Observability is a superset of monitoring. It provides not only high-level overviews of the system’s health but also highly granular insights into the implicit failure modes of the system. In addition, an observable system furnishes ample context about its inner workings, unlocking the ability to uncover deeper, systemic issues. Distributed Systems Observability
Good error messages are important, but the best designs carefully prevent problems from occurring in the first place. Either eliminate error-prone conditions, or check for them and present users with a confirmation option before they commit to the action.
If we apply this rule to software development, we’re talking about building safety nets to prevent problems in the first place. We should accept that we, as humans, can make mistakes. Automating repetitive and error-prone tasks is essential because we put the machines doing what they’re good at. Let’s go through the most common examples:
- Define an adequate testing strategy for your needs. From unit testing to end-to-end testing, all have their role in the creation of safety nets — one of the goals of automated testing.
- You should run the test suite locally often; at least before pushing code to source control. The local testing environment should be the closest possible to a realistic one (Docker can help a lot with that).

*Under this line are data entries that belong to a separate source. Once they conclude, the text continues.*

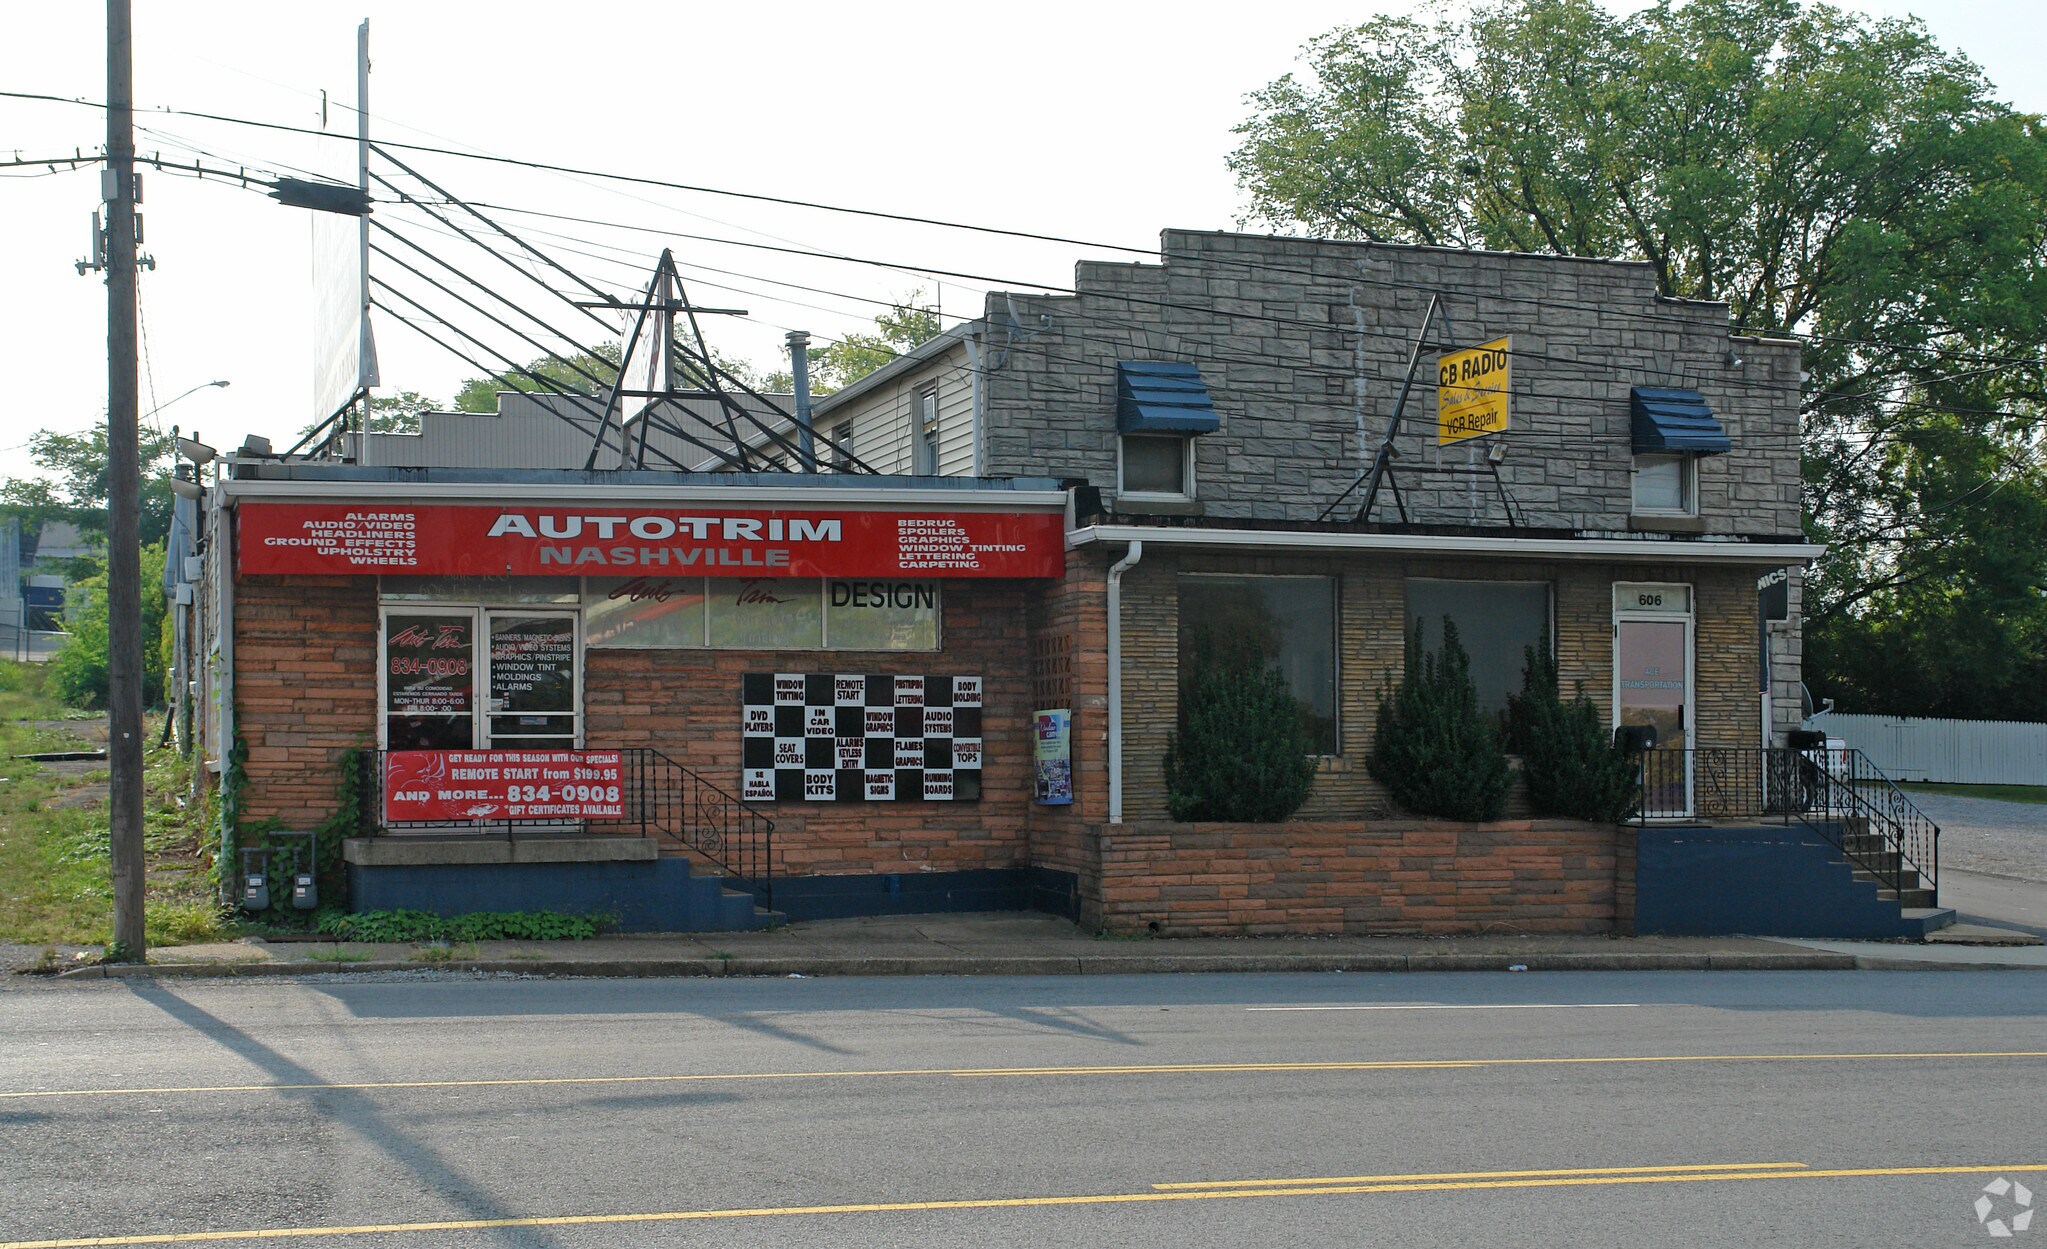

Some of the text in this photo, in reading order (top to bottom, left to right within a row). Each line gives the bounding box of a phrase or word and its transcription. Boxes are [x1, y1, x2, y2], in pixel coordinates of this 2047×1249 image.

[1440, 347, 1507, 387] CB RADIO
[1441, 390, 1462, 411] Sales
[1471, 381, 1501, 403] Service
[1447, 408, 1498, 435] VCR Repair
[345, 512, 415, 521] ALARMS
[302, 520, 416, 530] AUDIO/VIDEO
[486, 514, 842, 541] AUTO-TRIM
[897, 519, 956, 527] BEDRUG
[311, 529, 416, 539] HEADLINERS
[898, 528, 966, 536] SPOILERS
[264, 537, 416, 548] GROUND EFFECTS
[898, 536, 970, 544] GRAPHICS
[317, 547, 416, 557] UPHOLSTRY
[899, 544, 1026, 552] WINDOW TINTING
[349, 556, 418, 565] WHEELS
[539, 546, 790, 567] NASHVILLE
[898, 561, 980, 569] CARPETING
[831, 582, 934, 609] DESIGN
[1639, 594, 1662, 606] 606
[388, 625, 473, 650] Auto Trim
[540, 644, 571, 652] SYSTEMS
[391, 657, 467, 675] 834-0908
[495, 663, 557, 671] WINDOW TINT
[495, 683, 533, 691] ALARMS
[776, 680, 804, 689] WINDOW
[836, 680, 864, 689] REMOTE
[958, 682, 977, 691] BODY
[1621, 680, 1684, 689] TRANSPORTATION
[776, 691, 804, 701] TINTING
[837, 691, 861, 700] START
[895, 695, 923, 704] LETTERING
[953, 693, 981, 702] MOLDING
[750, 711, 768, 720] DVD
[814, 709, 826, 717] IN
[866, 712, 894, 721] WINDOW
[925, 712, 952, 721] AUDIO
[744, 723, 774, 732] PLAYERS
[865, 723, 894, 733] GRAPHICS
[924, 724, 952, 733] SYSTEMS
[779, 743, 796, 753] SEAT
[836, 738, 864, 748] ALARMS
[895, 741, 924, 751] FLAMES
[953, 743, 981, 752] CONVERTIBLE
[838, 749, 862, 758] KEYLESS
[957, 753, 978, 763] TOPS
[449, 754, 462, 763] GET
[464, 754, 487, 763] READY
[489, 754, 503, 763] FOR
[505, 754, 521, 763] THIS
[522, 754, 550, 763] SEASON
[552, 754, 569, 762] WITH
[586, 755, 619, 764] SPECIALS!
[775, 754, 804, 764] COVERS
[895, 757, 923, 766] GRAPHICS
[841, 760, 859, 769] ENTRY
[451, 768, 618, 781] REMOTE START from $199.95
[806, 774, 834, 784] BODY
[865, 773, 894, 783] MAGNETIC
[924, 773, 953, 783] RUNNING
[393, 785, 620, 803] AND MORE... 834-0908
[745, 788, 774, 798] ESPAÑOL
[806, 785, 834, 795] KITS
[869, 785, 889, 795] SIGNS
[924, 785, 953, 795] BOARDS
[528, 804, 580, 816] CERTIFICATES
[582, 804, 622, 816] AVAILABLE

- High feedback loop and automated build system: configure the CI/CD pipeline with care. It should trigger a build for every push, running the tests first; if a single test fails, the system is not deployed into production; if all the tests pass, you have a green build and the system is deployed. It’s all or nothing.
- Stop messing with the production database. Instead, create command-line and/or graphical tools for the support team and the developers. Besides being much safer, these guarantee you always run your domain logic when updating live data.

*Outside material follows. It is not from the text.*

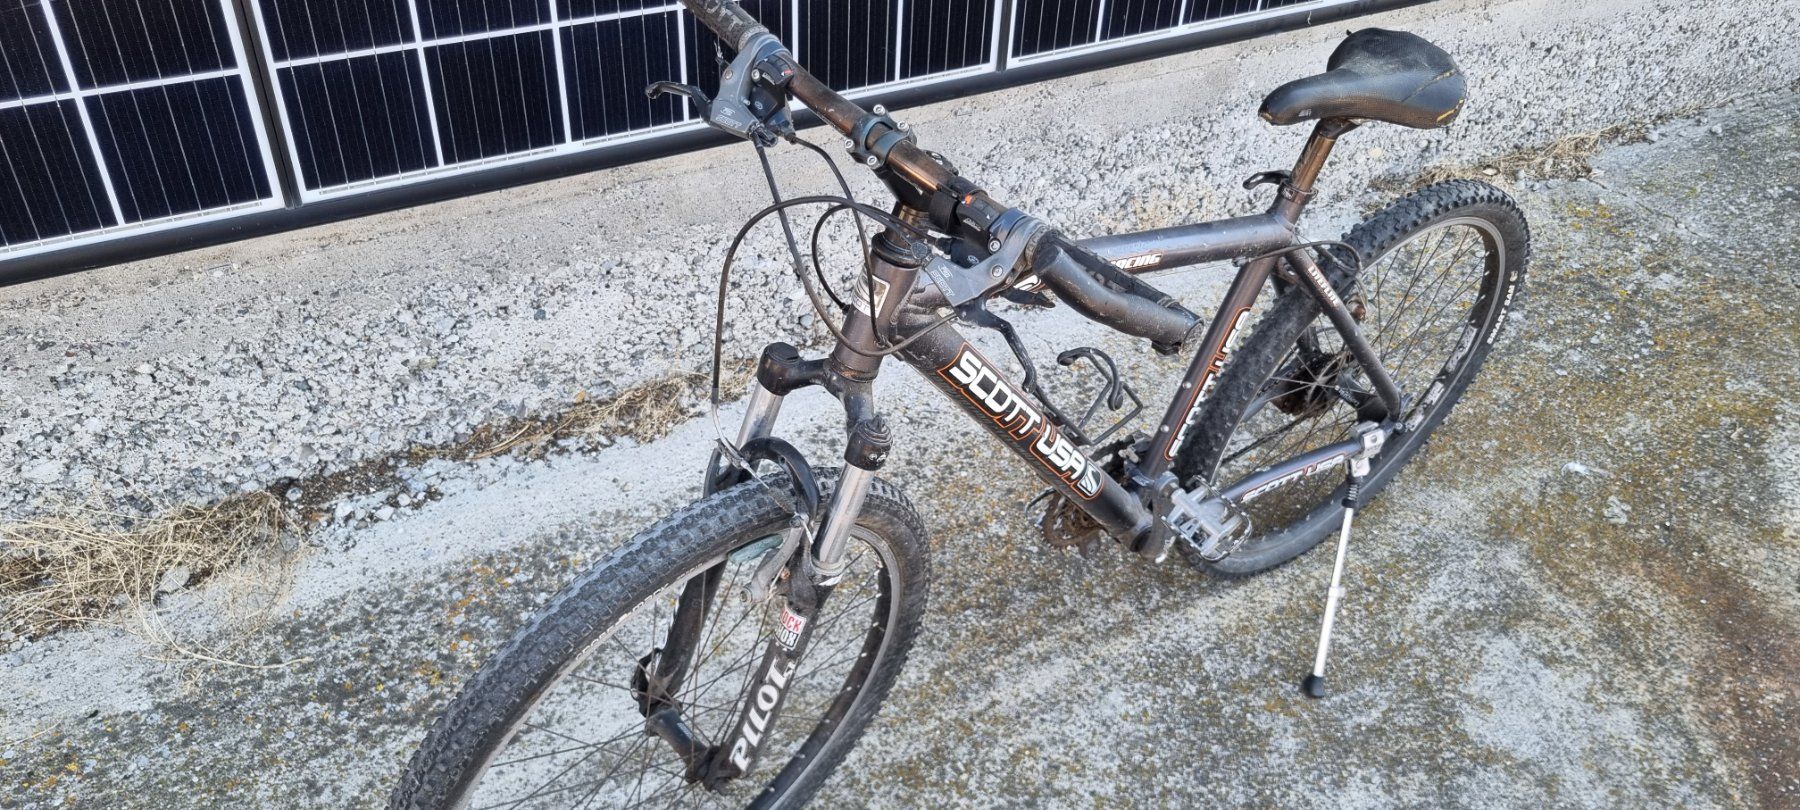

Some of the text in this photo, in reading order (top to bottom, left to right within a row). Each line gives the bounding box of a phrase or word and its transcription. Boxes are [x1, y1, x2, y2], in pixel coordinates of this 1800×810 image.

[1110, 253, 1163, 269] ACING
[1486, 284, 1516, 345] SMART SAM
[949, 350, 1086, 480] SCOTT USA
[728, 656, 788, 773] PILOT

- Create automated scripts for frequent developer tasks (e.g.
test.sh). This reduces the likelihood of forgetting certain agreed-upon steps. Consider git hooks for some of them.

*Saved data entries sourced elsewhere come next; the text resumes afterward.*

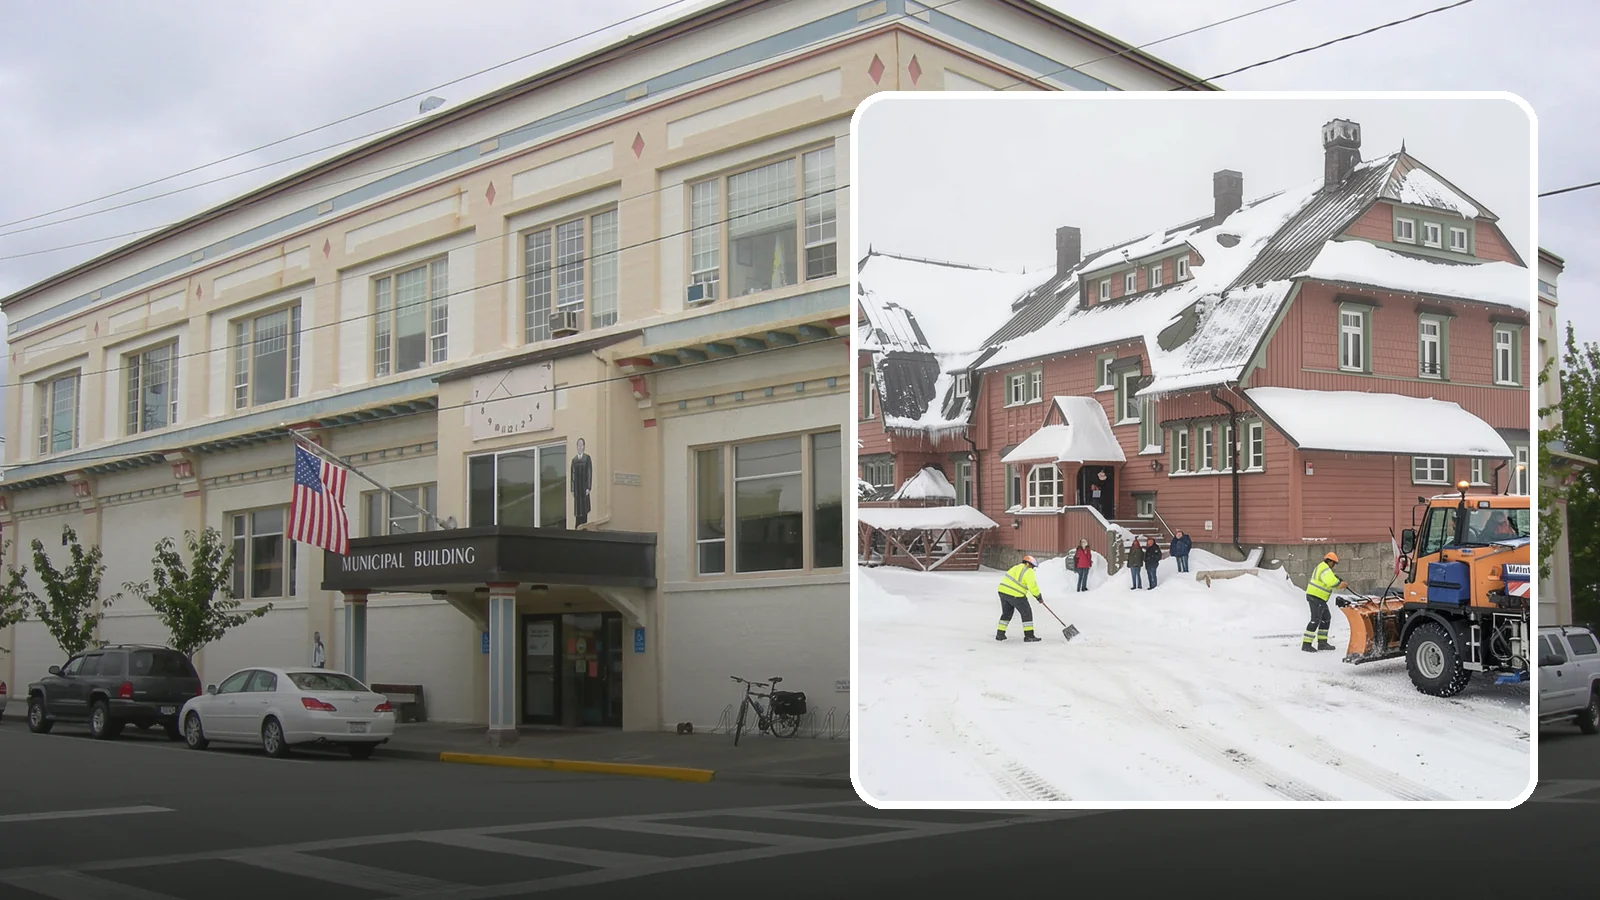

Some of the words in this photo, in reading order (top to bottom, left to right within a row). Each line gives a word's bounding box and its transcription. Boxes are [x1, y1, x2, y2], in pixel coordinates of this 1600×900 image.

[487, 417, 492, 426] 9
[501, 425, 506, 433] 11
[507, 425, 513, 433] 12
[521, 420, 526, 428] 2
[342, 552, 405, 572] MUNICIPAL
[414, 546, 475, 567] BUILDING

In theory, you should consider automation for repetitive or error-prone tasks. Still, be aware of the cost/benefit of the dev tools you create — the cost of implementation and maintenance versus the benefit it will create in the long run.
Help users recognize, diagnose, and recover from errors
Error messages should be expressed in plain language (no error codes), precisely indicate the problem, and constructively suggest a solution.
If you can’t prevent the error in the first place, it should be easy to recover from it. The obvious example here is that it should be easy to revert a change that generated an issue: if something goes wrong, going back should be as simple as reverting the commit, pushing it, and waiting for another automated build (hopefully fast).
As in error prevention, developers should also build tools to help them in these situations, namely CLIs and GUIs to further inspect the problem.
If some serious problem happens, talk openly about it and apply the post mortem practices. Also, keep in mind that if that happened, it’s because there were no mechanisms in place to prevent it or to recover from it; don’t blame people or make them feel bad about it. Learn from the errors and act on them. However, be careful not the act on the symptoms but rather find out the root cause and work on it.